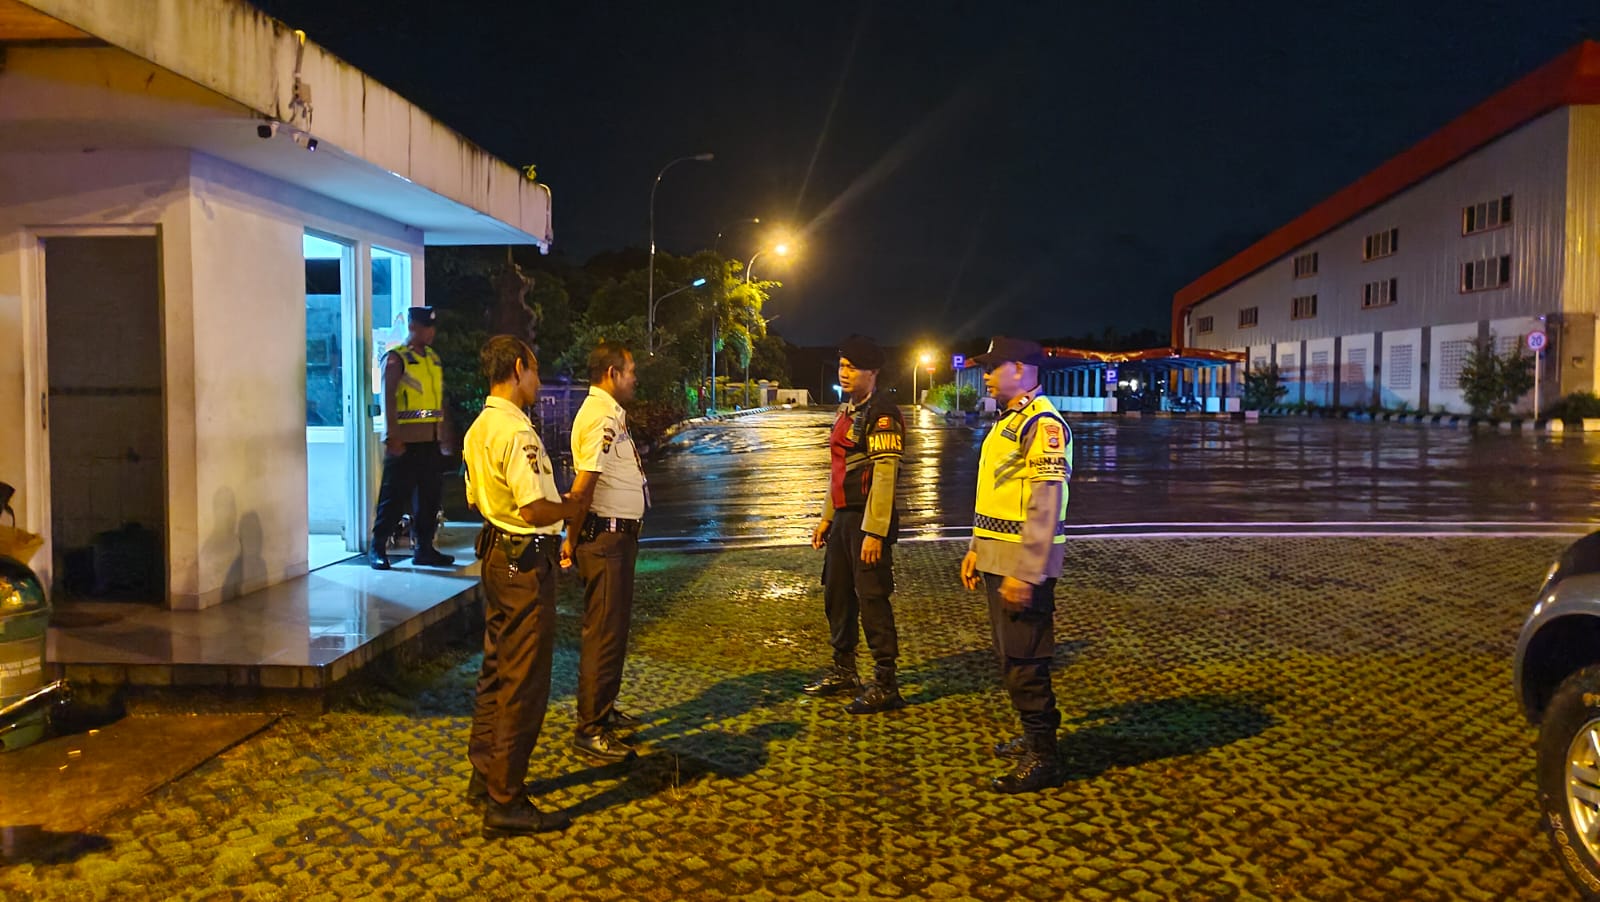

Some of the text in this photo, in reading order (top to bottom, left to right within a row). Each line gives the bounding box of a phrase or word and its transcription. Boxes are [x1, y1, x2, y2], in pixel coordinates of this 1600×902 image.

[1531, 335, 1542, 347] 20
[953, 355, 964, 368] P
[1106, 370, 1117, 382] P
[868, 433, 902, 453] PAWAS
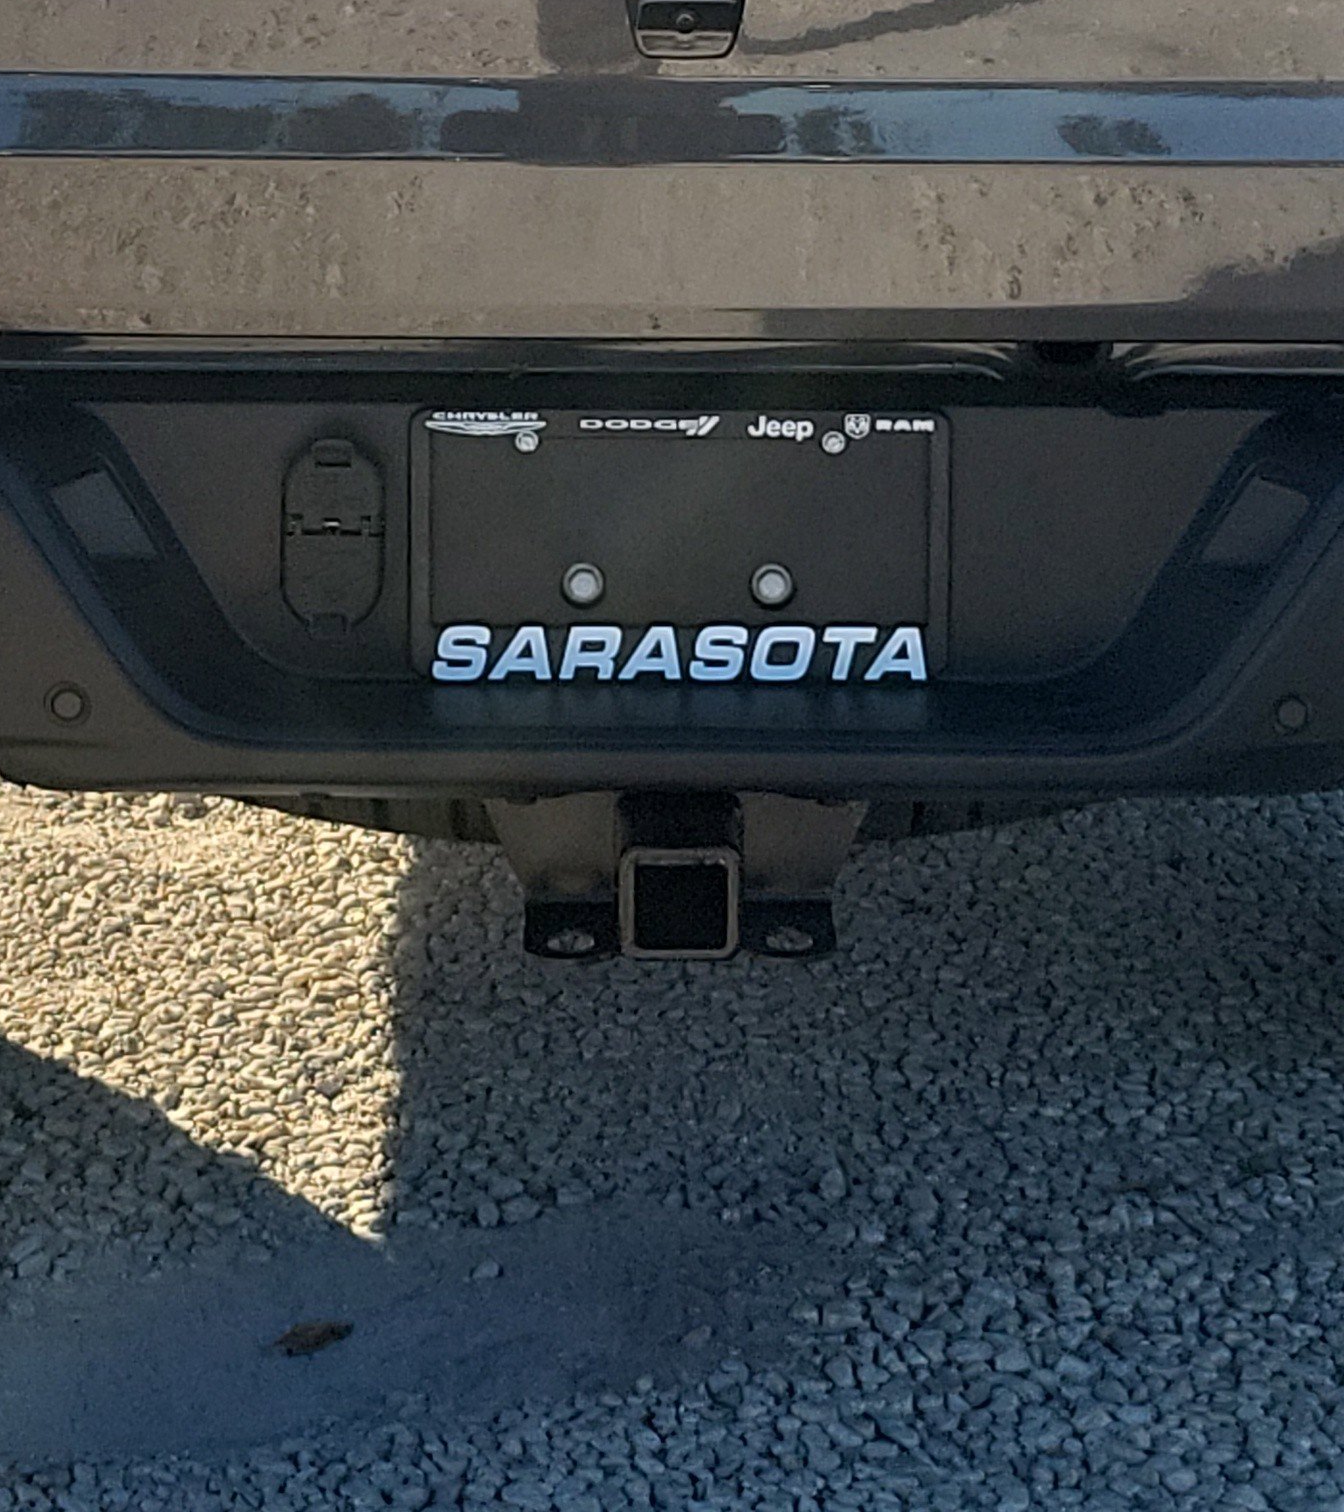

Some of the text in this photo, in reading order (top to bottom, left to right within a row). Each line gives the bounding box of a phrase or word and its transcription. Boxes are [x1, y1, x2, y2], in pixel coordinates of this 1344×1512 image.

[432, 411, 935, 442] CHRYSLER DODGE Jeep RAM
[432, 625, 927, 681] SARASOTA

Task item -> Everything in the entries must come back exactly, except the pictures.

Completed exercise ->
Some of the text in this photo, in reading order (top to bottom, left to right within a row). Each line gives the bounding box of a phrase or word and its transcription. Boxes are [x1, y1, x2, y2], in pixel coordinates of this 1600×902 image.

[1531, 335, 1542, 347] 20
[953, 355, 964, 368] P
[1106, 370, 1117, 382] P
[868, 433, 902, 453] PAWAS

Some of the text in this photo, in reading order (top to bottom, left to right within a row). Each line gives the bounding box of a phrase or word and its transcription. Boxes are [x1, y1, x2, y2], in pixel coordinates of this 1344×1512 image.

[432, 411, 935, 442] CHRYSLER DODGE Jeep RAM
[432, 625, 927, 681] SARASOTA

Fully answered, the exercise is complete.